### TASK ITEM
Leave the images out. Give every line below again, precisely.

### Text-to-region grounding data
------

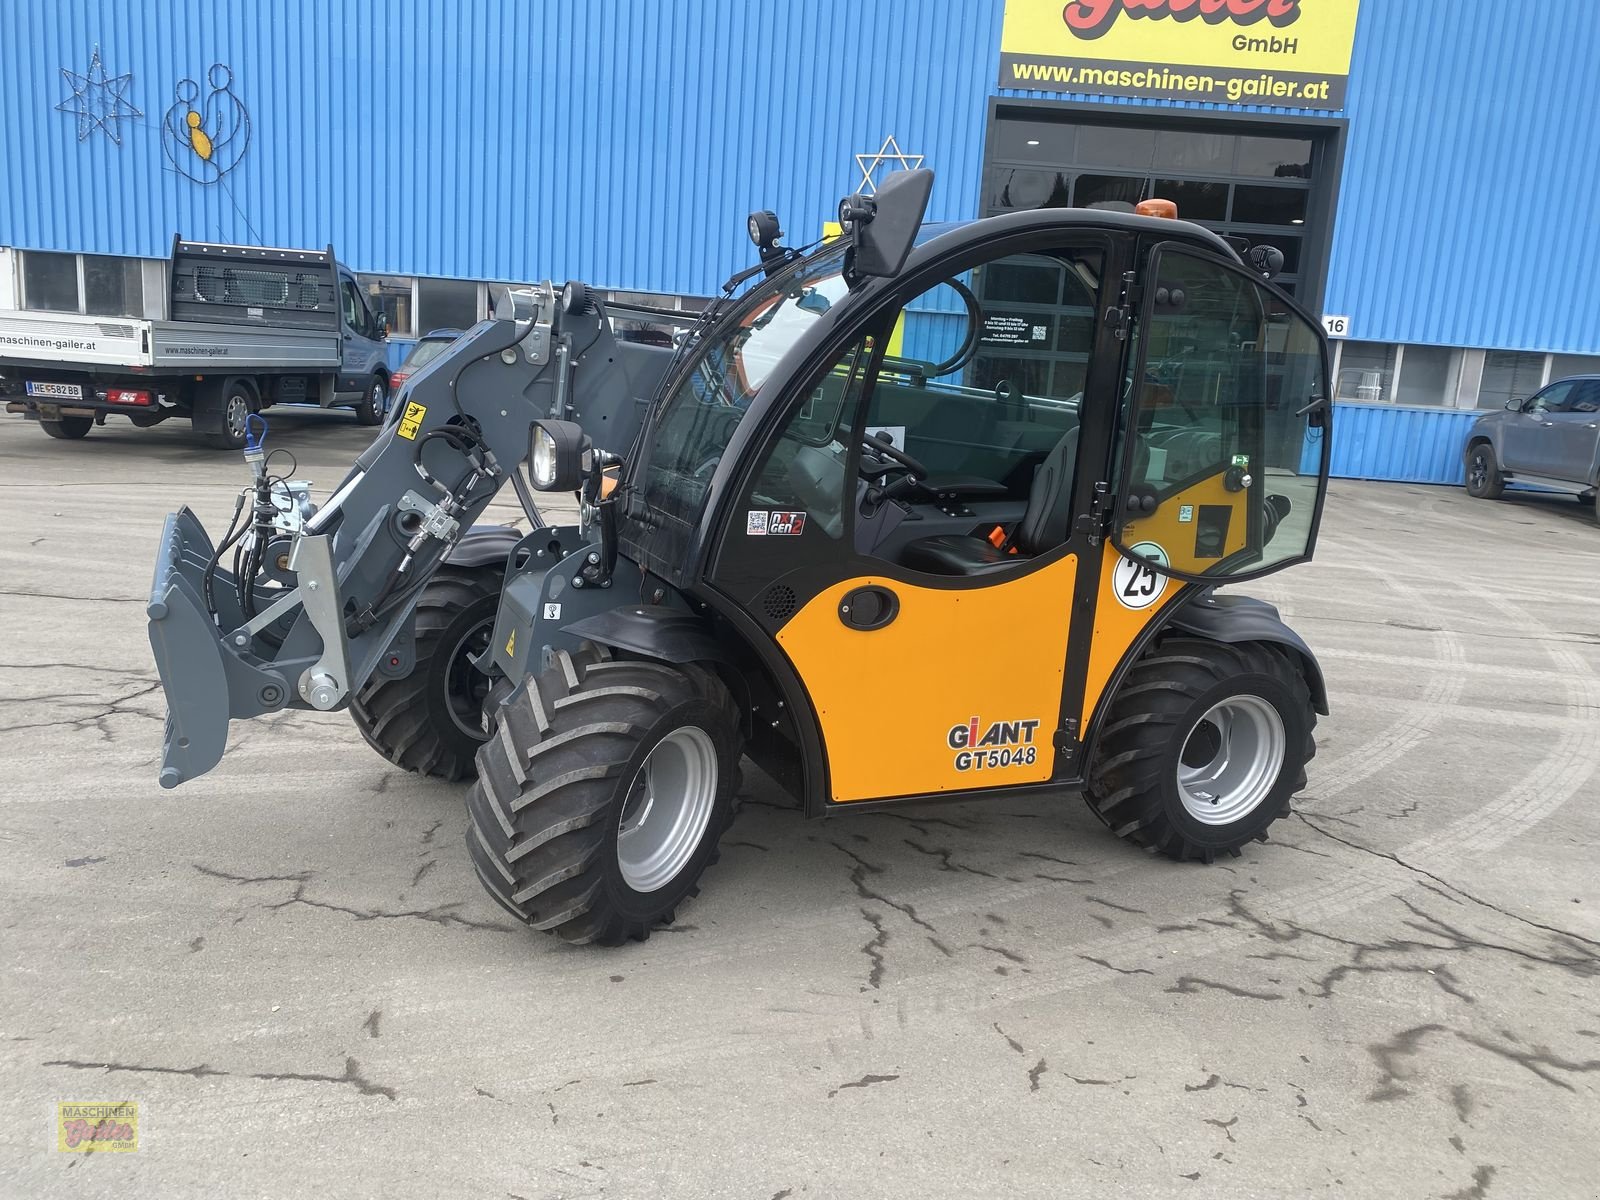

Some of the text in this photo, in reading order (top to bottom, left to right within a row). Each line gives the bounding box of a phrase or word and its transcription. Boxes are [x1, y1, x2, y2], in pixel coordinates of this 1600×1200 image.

[1231, 34, 1298, 54] GmbH
[1012, 62, 1329, 100] www.maschinen-gailer.at
[1327, 319, 1344, 333] 16
[165, 346, 228, 356] www.maschinen-gailer.at
[1123, 554, 1161, 597] 25
[955, 747, 1036, 771] GT5048
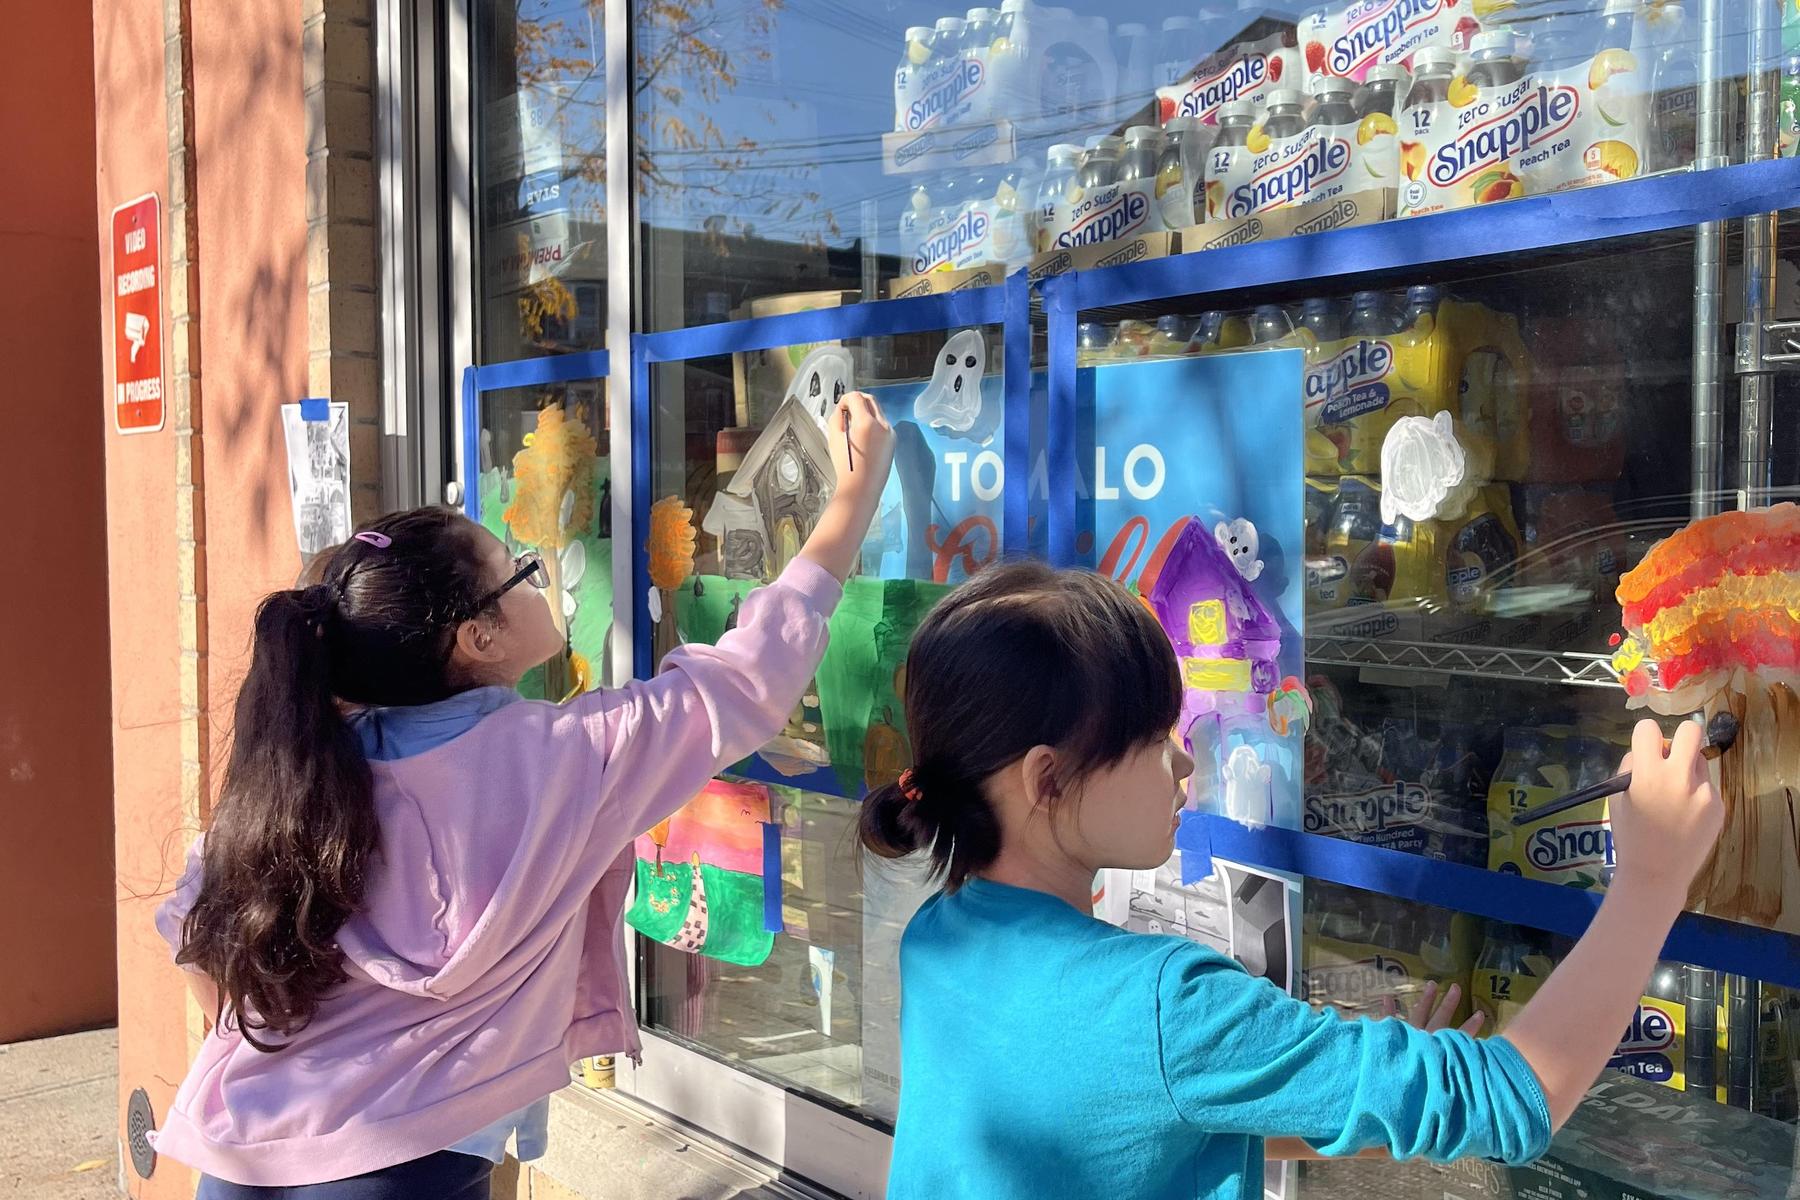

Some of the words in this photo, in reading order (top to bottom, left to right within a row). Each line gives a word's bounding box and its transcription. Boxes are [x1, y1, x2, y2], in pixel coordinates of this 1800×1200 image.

------

### ANSWER AREA
Some of the text in this photo, in reading order (top to bottom, left to right within a row). Each line gives the bounding box of a phrase or word and its transcription. Boxes are [x1, y1, x2, y2], in pixel coordinates of this 1600×1200 image.

[1231, 34, 1298, 54] GmbH
[1012, 62, 1329, 100] www.maschinen-gailer.at
[1327, 319, 1344, 333] 16
[165, 346, 228, 356] www.maschinen-gailer.at
[1123, 554, 1161, 597] 25
[955, 747, 1036, 771] GT5048

Some of the words in this photo, in reading order (top to bottom, left to right within a row). Each line gives a word's bounding box and its transcription. Boxes are [x1, y1, x2, y2], in pixel coordinates of this 1800×1200 image.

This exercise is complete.